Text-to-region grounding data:

:::

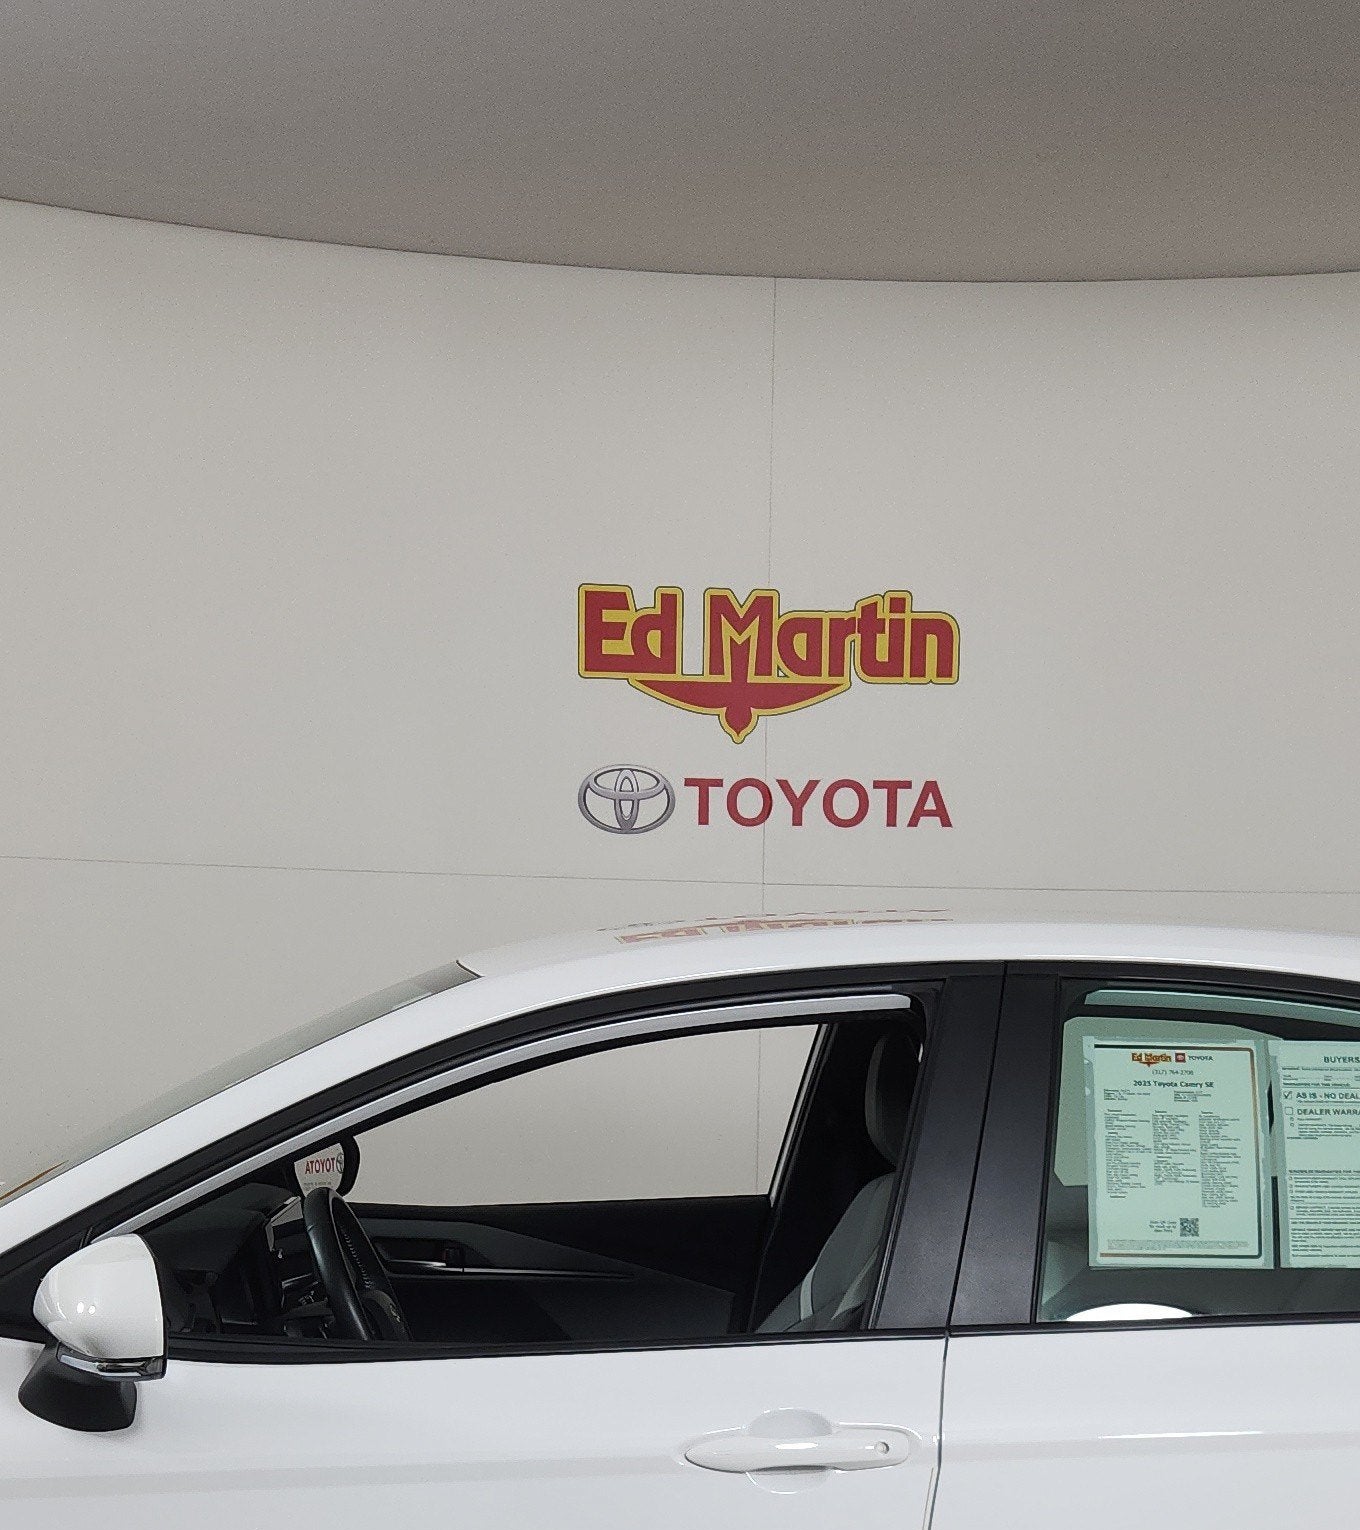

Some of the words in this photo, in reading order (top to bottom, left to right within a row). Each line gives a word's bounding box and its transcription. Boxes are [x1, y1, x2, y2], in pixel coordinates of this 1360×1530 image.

[578, 584, 683, 678] Ed
[703, 588, 960, 684] Martin
[684, 777, 953, 829] TOYOTA
[1323, 1056, 1360, 1064] BUYERS
[1153, 1080, 1178, 1088] Toyota
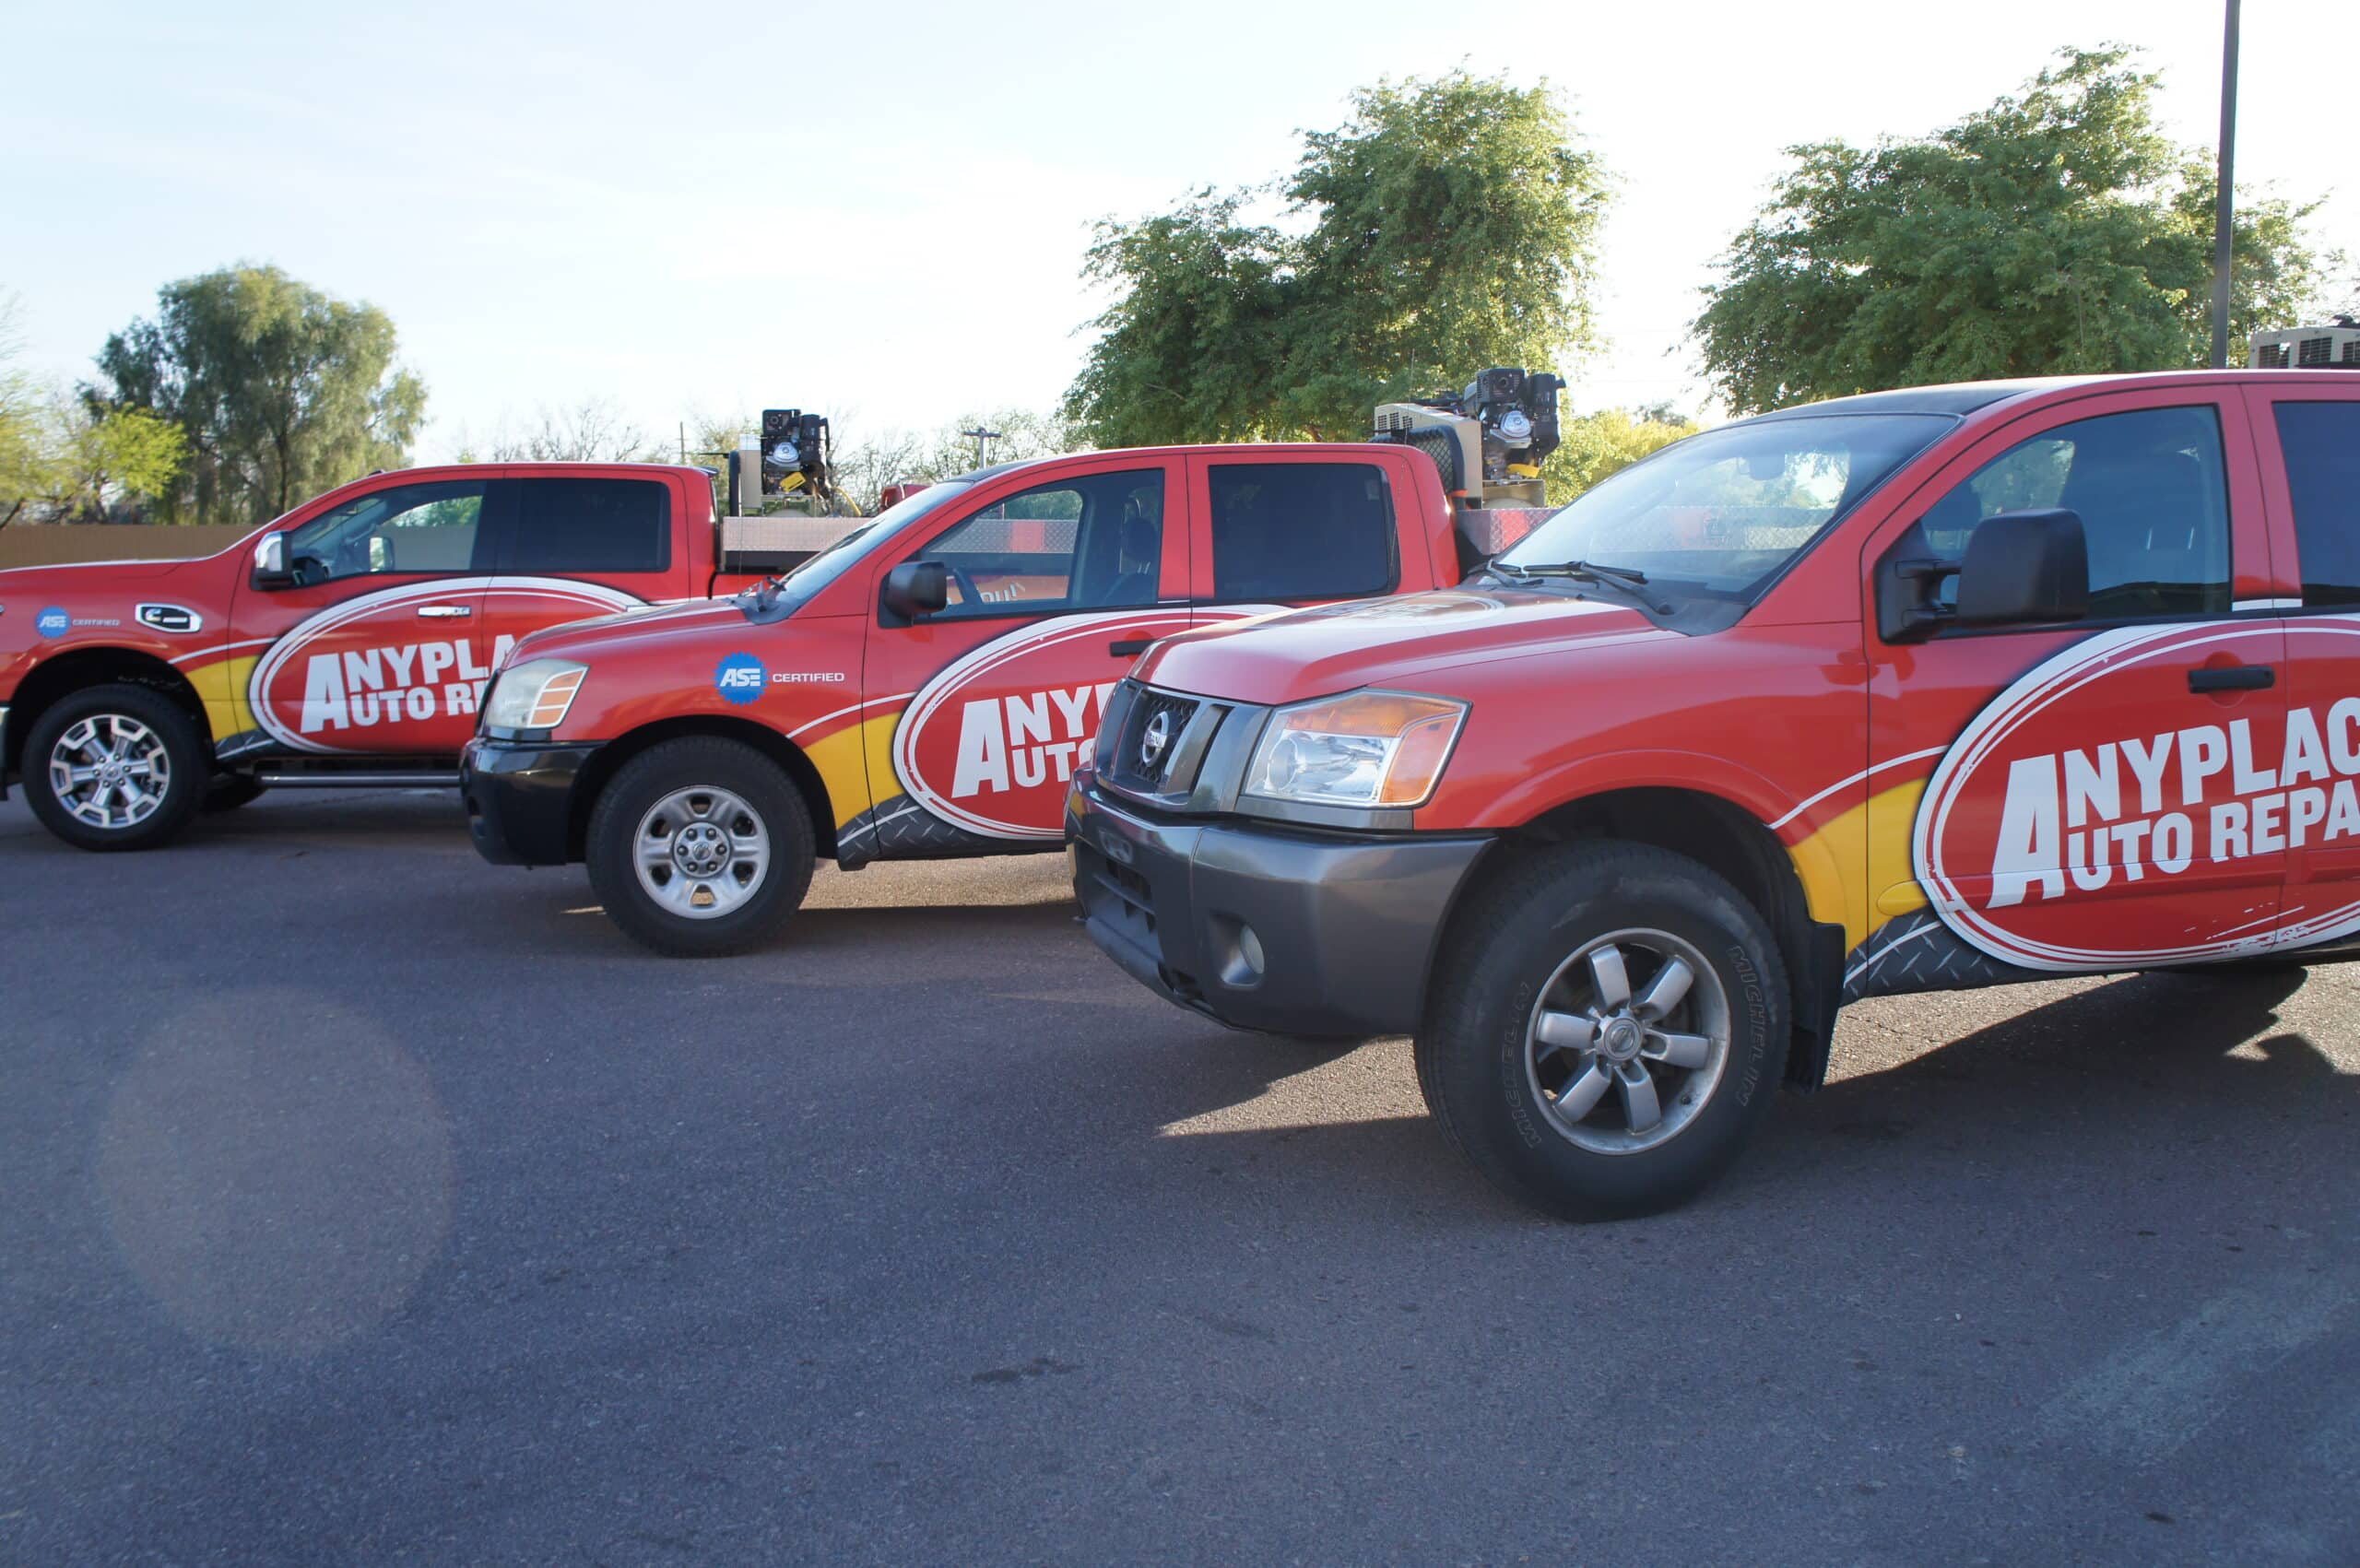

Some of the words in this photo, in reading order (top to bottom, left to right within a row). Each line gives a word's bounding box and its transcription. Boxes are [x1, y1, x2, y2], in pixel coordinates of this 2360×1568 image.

[39, 615, 66, 628] ASE
[719, 668, 761, 687] ASE
[773, 672, 844, 683] CERTIFIED
[1726, 945, 1765, 1107] MICHELIN
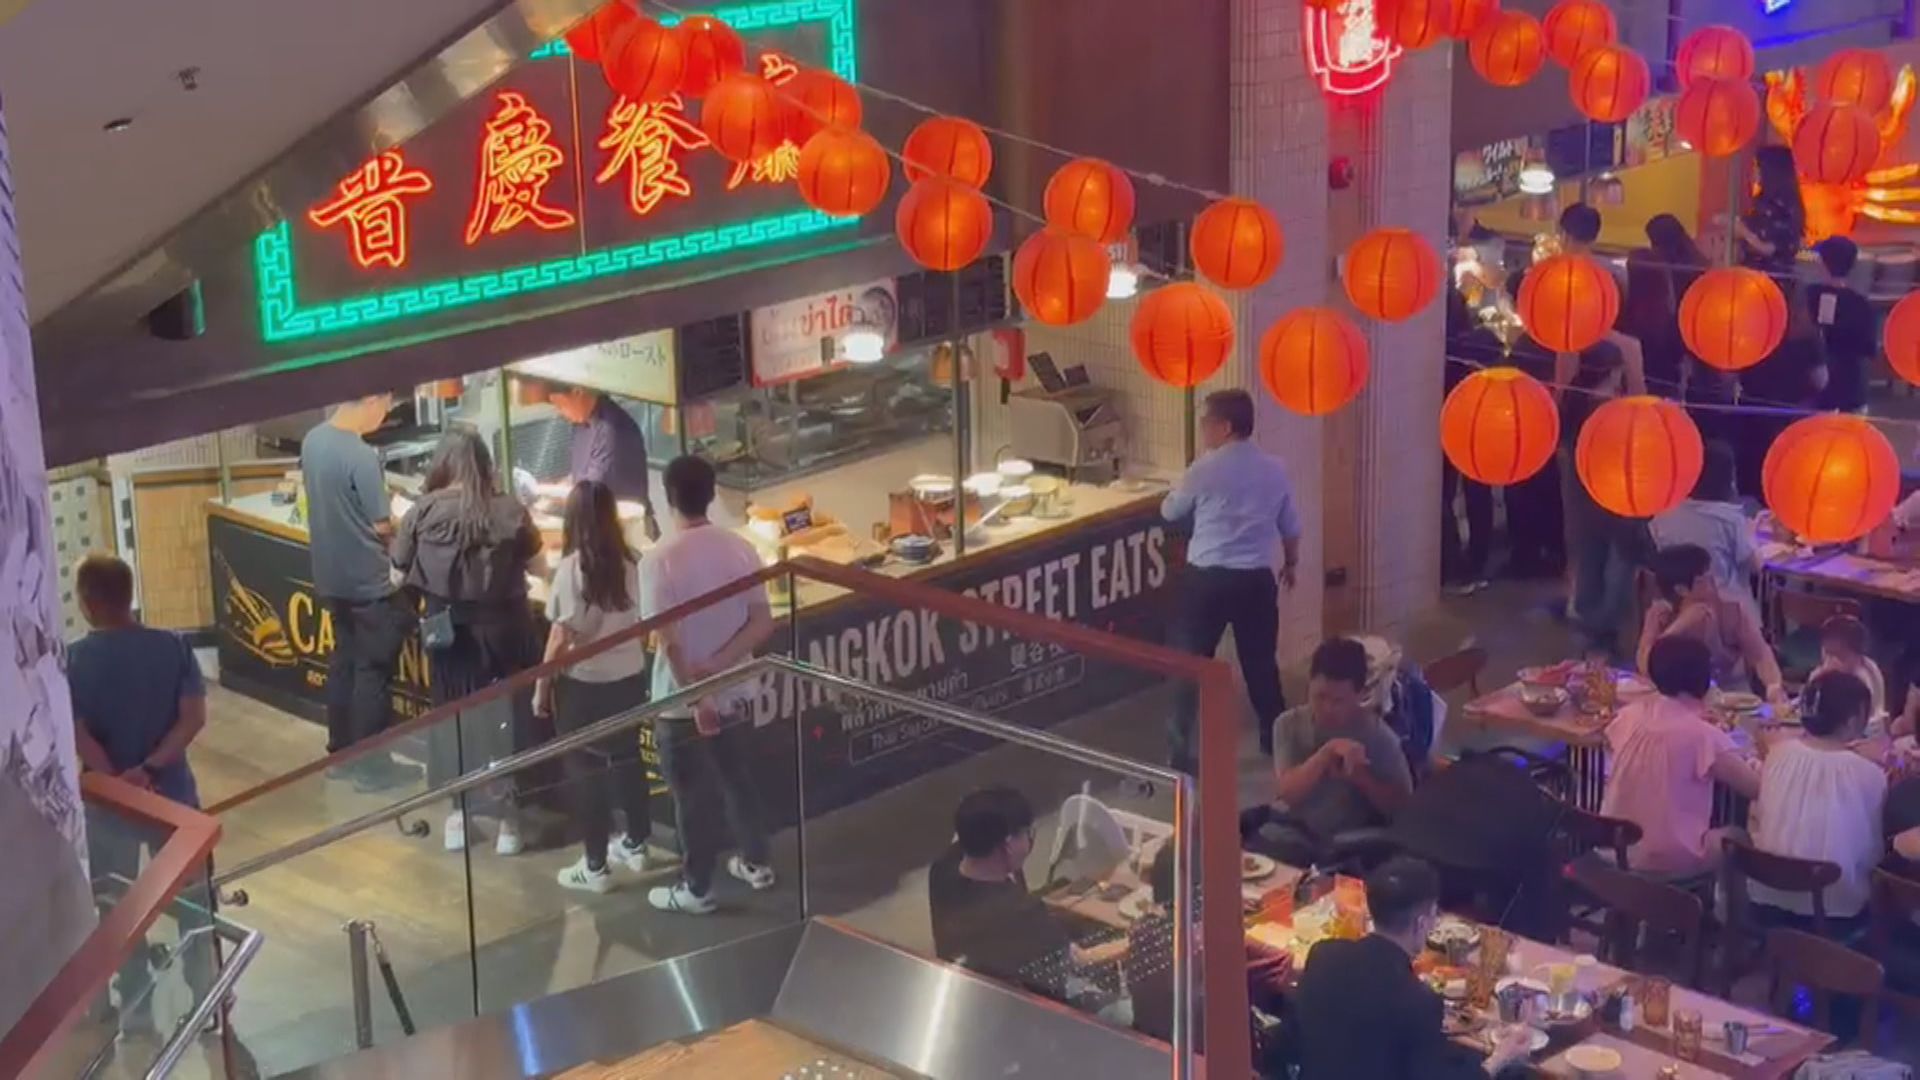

:::

■ WHAT IS EXPECTED
Leave out every picture, and repeat word for word only the lines from the one holding "this 2360×1568 image." through the end of the entries above, both ends included.

■ REPLY TO THE EXERCISE
Some of the words in this photo, in reading order (top to bottom, left to right within a row). Each line gives a word's bounding box and its transcription. Boxes are [x1, y1, x2, y2], in pixel coordinates of this 2360×1568 image.

[39, 615, 66, 628] ASE
[719, 668, 761, 687] ASE
[773, 672, 844, 683] CERTIFIED
[1726, 945, 1765, 1107] MICHELIN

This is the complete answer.